Requirement » The answer must be an exact copy of the lines from the one holding "this 2352×1568 image." through the final line of the entries, and nothing else.

Record excerpts »
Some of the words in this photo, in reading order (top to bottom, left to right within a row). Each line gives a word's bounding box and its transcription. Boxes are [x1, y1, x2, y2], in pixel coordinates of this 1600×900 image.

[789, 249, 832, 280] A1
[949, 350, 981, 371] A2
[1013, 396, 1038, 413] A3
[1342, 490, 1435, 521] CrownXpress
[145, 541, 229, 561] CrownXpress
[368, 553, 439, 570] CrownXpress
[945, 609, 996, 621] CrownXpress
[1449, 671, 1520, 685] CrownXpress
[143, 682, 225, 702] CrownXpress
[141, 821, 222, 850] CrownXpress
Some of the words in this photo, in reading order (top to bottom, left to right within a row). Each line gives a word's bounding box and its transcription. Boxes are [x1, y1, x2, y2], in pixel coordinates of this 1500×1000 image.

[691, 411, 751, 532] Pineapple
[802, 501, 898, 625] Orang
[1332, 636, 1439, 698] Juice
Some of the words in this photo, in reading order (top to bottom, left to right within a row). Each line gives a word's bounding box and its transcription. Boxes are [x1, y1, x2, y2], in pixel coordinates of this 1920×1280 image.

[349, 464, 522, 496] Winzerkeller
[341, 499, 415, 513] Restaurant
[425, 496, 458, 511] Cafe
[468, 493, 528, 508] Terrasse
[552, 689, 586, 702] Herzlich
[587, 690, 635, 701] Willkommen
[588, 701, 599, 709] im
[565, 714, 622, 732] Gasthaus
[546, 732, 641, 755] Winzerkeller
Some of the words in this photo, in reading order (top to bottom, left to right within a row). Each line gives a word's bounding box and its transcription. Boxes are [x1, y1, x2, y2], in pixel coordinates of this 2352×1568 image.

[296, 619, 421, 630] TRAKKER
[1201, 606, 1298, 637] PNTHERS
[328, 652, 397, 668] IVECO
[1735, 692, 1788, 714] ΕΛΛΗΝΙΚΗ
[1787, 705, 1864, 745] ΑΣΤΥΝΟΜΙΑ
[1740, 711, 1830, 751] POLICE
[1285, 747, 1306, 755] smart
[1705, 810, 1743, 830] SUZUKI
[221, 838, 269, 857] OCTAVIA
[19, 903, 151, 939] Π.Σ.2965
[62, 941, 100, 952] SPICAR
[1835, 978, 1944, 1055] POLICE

Task output »
Some of the words in this photo, in reading order (top to bottom, left to right within a row). Each line gives a word's bounding box and its transcription. Boxes are [x1, y1, x2, y2], in pixel coordinates of this 2352×1568 image.

[296, 619, 421, 630] TRAKKER
[1201, 606, 1298, 637] PNTHERS
[328, 652, 397, 668] IVECO
[1735, 692, 1788, 714] ΕΛΛΗΝΙΚΗ
[1787, 705, 1864, 745] ΑΣΤΥΝΟΜΙΑ
[1740, 711, 1830, 751] POLICE
[1285, 747, 1306, 755] smart
[1705, 810, 1743, 830] SUZUKI
[221, 838, 269, 857] OCTAVIA
[19, 903, 151, 939] Π.Σ.2965
[62, 941, 100, 952] SPICAR
[1835, 978, 1944, 1055] POLICE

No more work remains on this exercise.